Abidjan.
Tiers monde. Dans cette ville, les trois-quarts des habitants vivent dans la
rue et ne peuvent s’abriter que sous des baraques croulantes. Mais, Dieu merci,
il y a la Sainte parabole. Grâce à elle et aux feuilletons diffusés sans
interruption sur le petit écran, le peuple peut garder le contact avec les
grands de ce monde ; ceux qui vivent dans de somptueuses demeures hollywoodiennes avec des salons aux
dimensions de terrain de foot, des cuisines équipées par la Nasa et des salles de bains de nababs aux allures de thermes romains. Pourtant, avec un
peu de persévérance et beaucoup de doigté, on peut vaincre l’agresseur sitcom
et finir par échouer sur une chaîne spécialisée dans le cinéma d’action ou le
polar.
Alors,
pendant que la pluie entrera dans sa chambre malgré la fenêtre close, on pourra
s’extasier une fois encore sur le travail de l’opérateur Arthur Edeson pour Mutiny on the Bounty
de Lewis Milestone et on versera
une larme pendant que Monsieur Christian agonisera sur la plage.

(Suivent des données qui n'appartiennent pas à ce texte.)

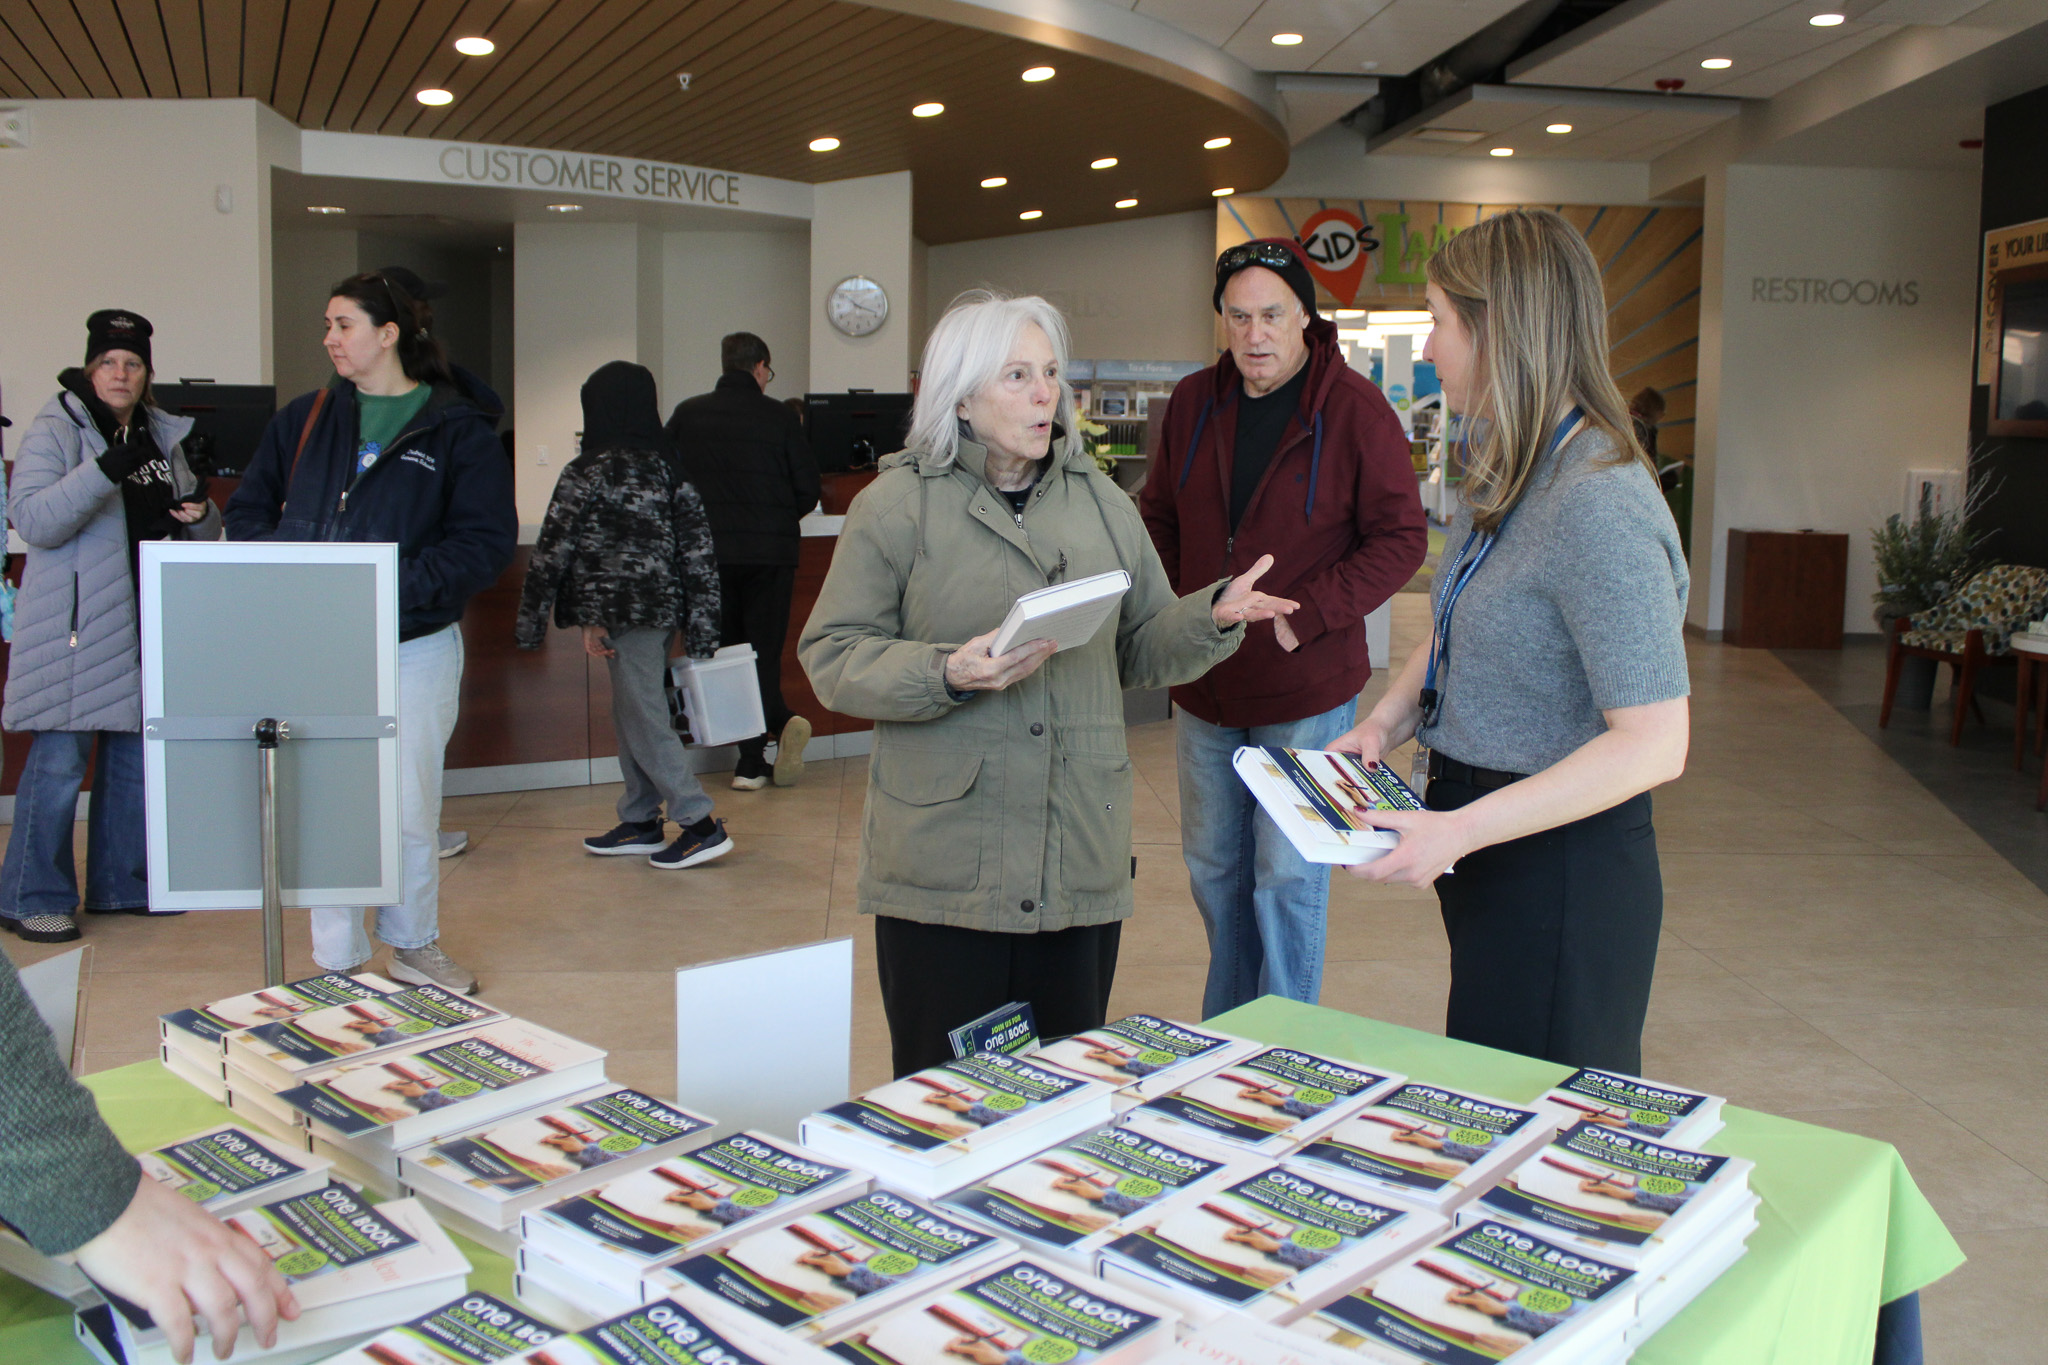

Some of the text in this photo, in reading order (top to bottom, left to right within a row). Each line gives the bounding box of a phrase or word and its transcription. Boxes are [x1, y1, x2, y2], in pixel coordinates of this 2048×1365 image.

[438, 146, 740, 205] CUSTOMER SERVICE
[1294, 224, 1380, 264] KIDS
[2006, 236, 2034, 258] YOUR
[1751, 276, 1919, 306] RESTROOMS
[1128, 363, 1172, 373] Tax Forms
[323, 975, 352, 989] one
[417, 987, 485, 1018] one BOOK
[422, 998, 471, 1020] COMMUNITY
[985, 1033, 1005, 1051] one
[1008, 1020, 1030, 1040] BOOK
[991, 1014, 1022, 1035] JOIN US FOR
[1000, 1032, 1031, 1053] COMMUNITY
[1125, 1015, 1161, 1028] one
[1165, 1027, 1217, 1047] BOOK
[1139, 1026, 1206, 1050] COMMUNITY
[461, 1041, 496, 1057] one
[492, 1056, 538, 1077] BOOK
[467, 1054, 522, 1080] COMMUNITY
[974, 1052, 1012, 1068] one
[1017, 1066, 1073, 1089] BOOK
[1262, 1055, 1288, 1064] one
[1288, 1062, 1364, 1087] COMMUNITY
[1271, 1049, 1310, 1064] one
[1316, 1062, 1374, 1084] BOOK
[988, 1064, 1061, 1093] COMMUNITY
[1579, 1078, 1604, 1088] one
[1606, 1085, 1688, 1108] COMMUNITY
[1584, 1072, 1624, 1088] one
[1635, 1087, 1693, 1104] BOOK
[615, 1092, 651, 1109] one
[649, 1108, 697, 1132] BOOK
[622, 1106, 682, 1134] COMMUNITY
[1399, 1092, 1426, 1101] one
[1428, 1099, 1516, 1125] COMMUNITY
[1405, 1085, 1449, 1101] one
[1460, 1100, 1522, 1121] BOOK
[199, 1139, 219, 1151] one
[215, 1149, 269, 1181] COMMUNITY
[214, 1132, 248, 1152] one
[242, 1152, 288, 1177] BOOK
[718, 1144, 744, 1157] one
[742, 1156, 819, 1184] COMMUNITY
[730, 1137, 772, 1158] one
[774, 1156, 833, 1179] BOOK
[1087, 1135, 1114, 1146] one
[1115, 1143, 1197, 1176] COMMUNITY
[1097, 1128, 1141, 1146] one
[1146, 1145, 1208, 1172] BOOK
[1577, 1133, 1608, 1147] one
[1610, 1144, 1706, 1171] COMMUNITY
[1584, 1126, 1632, 1147] one
[1644, 1146, 1712, 1167] BOOK
[1258, 1178, 1287, 1194] one
[1288, 1191, 1377, 1226] COMMUNITY
[1268, 1172, 1314, 1195] one
[1322, 1194, 1389, 1222] BOOK
[307, 1195, 329, 1212] one
[323, 1210, 380, 1252] COMMUNITY
[322, 1188, 358, 1214] one
[351, 1215, 400, 1248] BOOK
[857, 1201, 962, 1251] one COMMUNITY
[870, 1194, 980, 1247] one BOOK
[1472, 1231, 1505, 1249] one
[1506, 1245, 1606, 1287] COMMUNITY
[1482, 1224, 1534, 1251] one
[1543, 1249, 1618, 1281] BOOK
[463, 1298, 513, 1326] one
[1000, 1275, 1123, 1334] one COMMUNITY
[1013, 1266, 1140, 1329] one BOOK
[448, 1307, 478, 1325] one
[629, 1314, 664, 1340] one
[648, 1306, 701, 1344] one
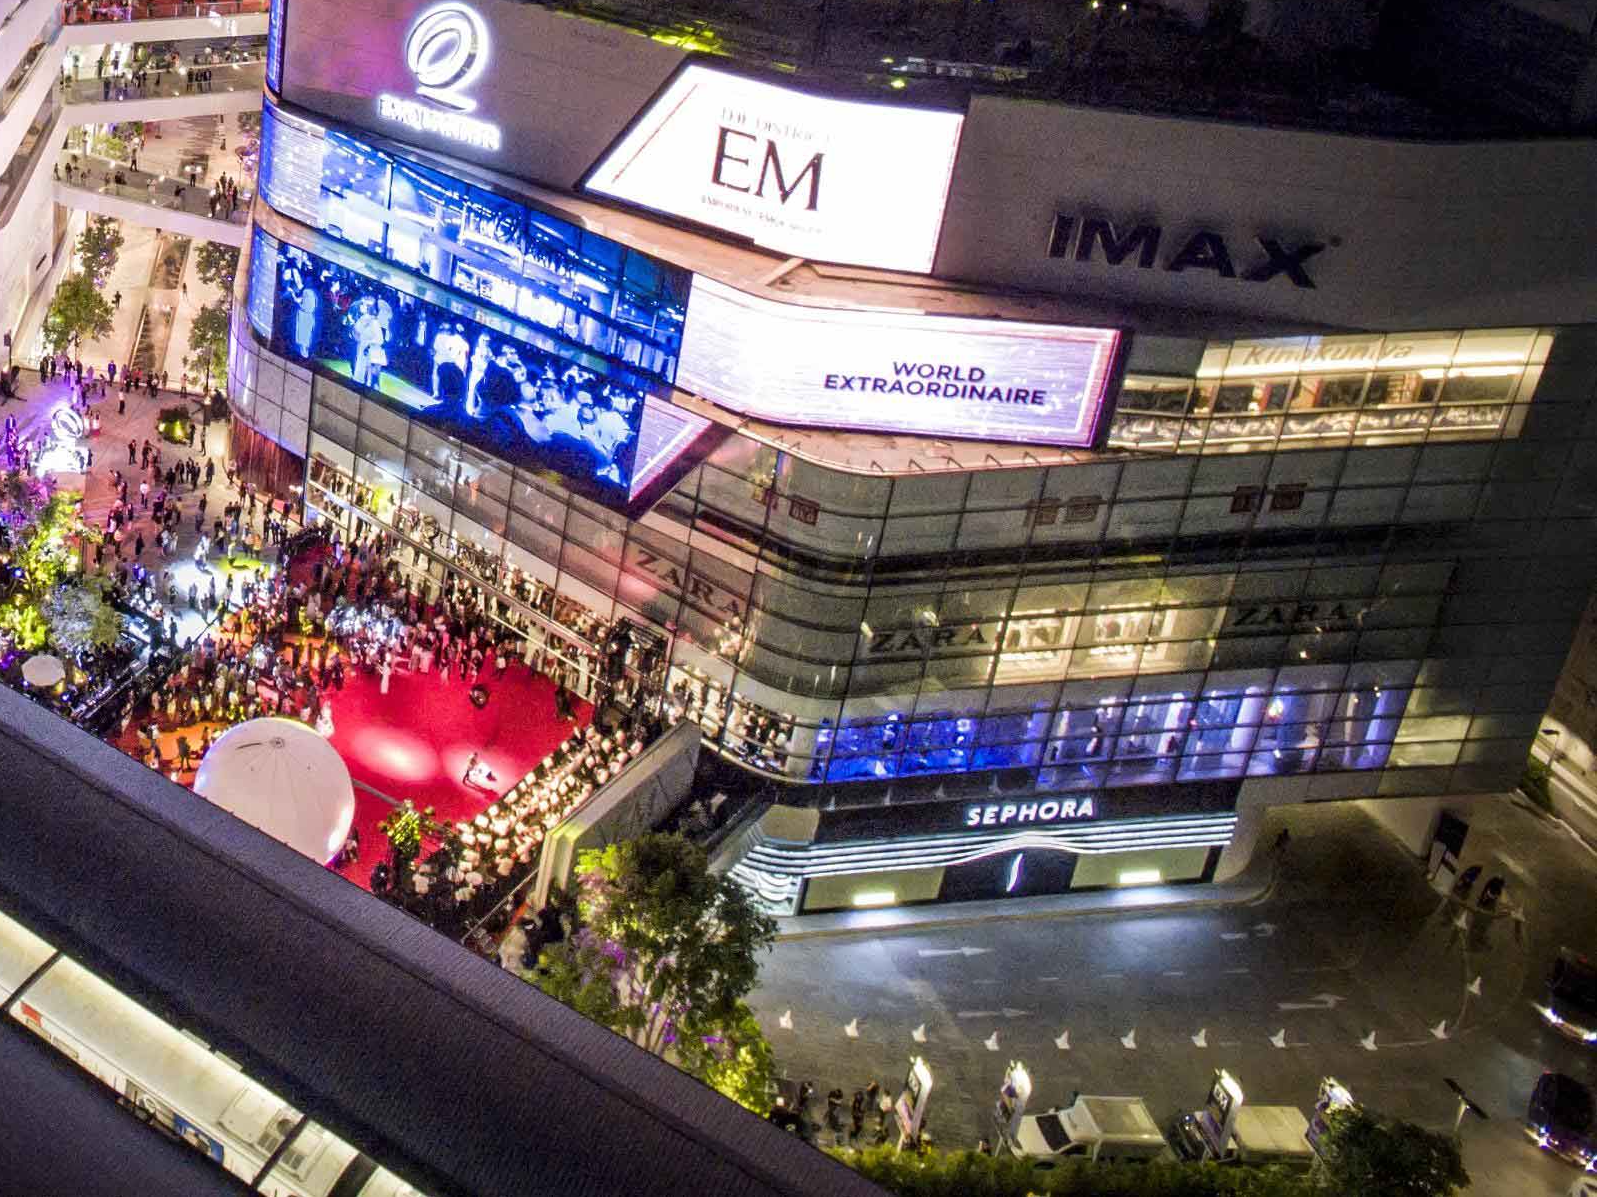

Entre deux coupures d'électricité, on retrouvera La
proie des vautours de john Sturges où l'on s’étonnera de découvrir Frank
Sinatra (avec un petit bouc sur le menton et un drôle de chapeau australien sur
la tête) découper du japonais dans la jungle birmane pendant que Charles
Bronson colle un bourre-pif à un jeune blanc-bec qui a osé le traiter de
peau-rouge. En visionnant cette scène de
Patrouilleur 109 de Leslie H.Martinson, on restera pour le moins
perplexe en entendant la réplique d’un marin yankee philosophe fixer l’horizon et lancer en direction de son pote à côté de
lui: « que d’eau ! hein ? »
En finissant d'éponger l'eau, justement, sur le sol, on insultera
la canaille de réalisateur qui a dirigé le grand Eddie Constantine dans Nick
Carter et le trèfle rouge, l’obligeant à mouiller son trench-coat sur une plage
du plat pays. On respectera Michael Caine (en élégant costard trois-pièces,
est-il besoin de le préciser ?) pendant qu’il distribuera pruneaux,
marrons et autres friandises sans jamais perdre son flegme dans le film La
loi du milieu de Mike Hodges.
Enfin, on fera ses prières pour que la parabole ne s'envole pas pendant l'orage qui s'annonce. Gloire à toi Sainte parabole et à tes chaînes câblées, même si elles s’obstinent à diffuser les films en
version française. Dernière minute : ma fille cadette vient de m’informer qu’il existe
probablement un bouton sur ma
télécommande pour visionner les programmes en version originale. Mais, nous
sommes séparés de plus de 5000 kms. Bon sang ! Que la vie est devenue triste, subitement.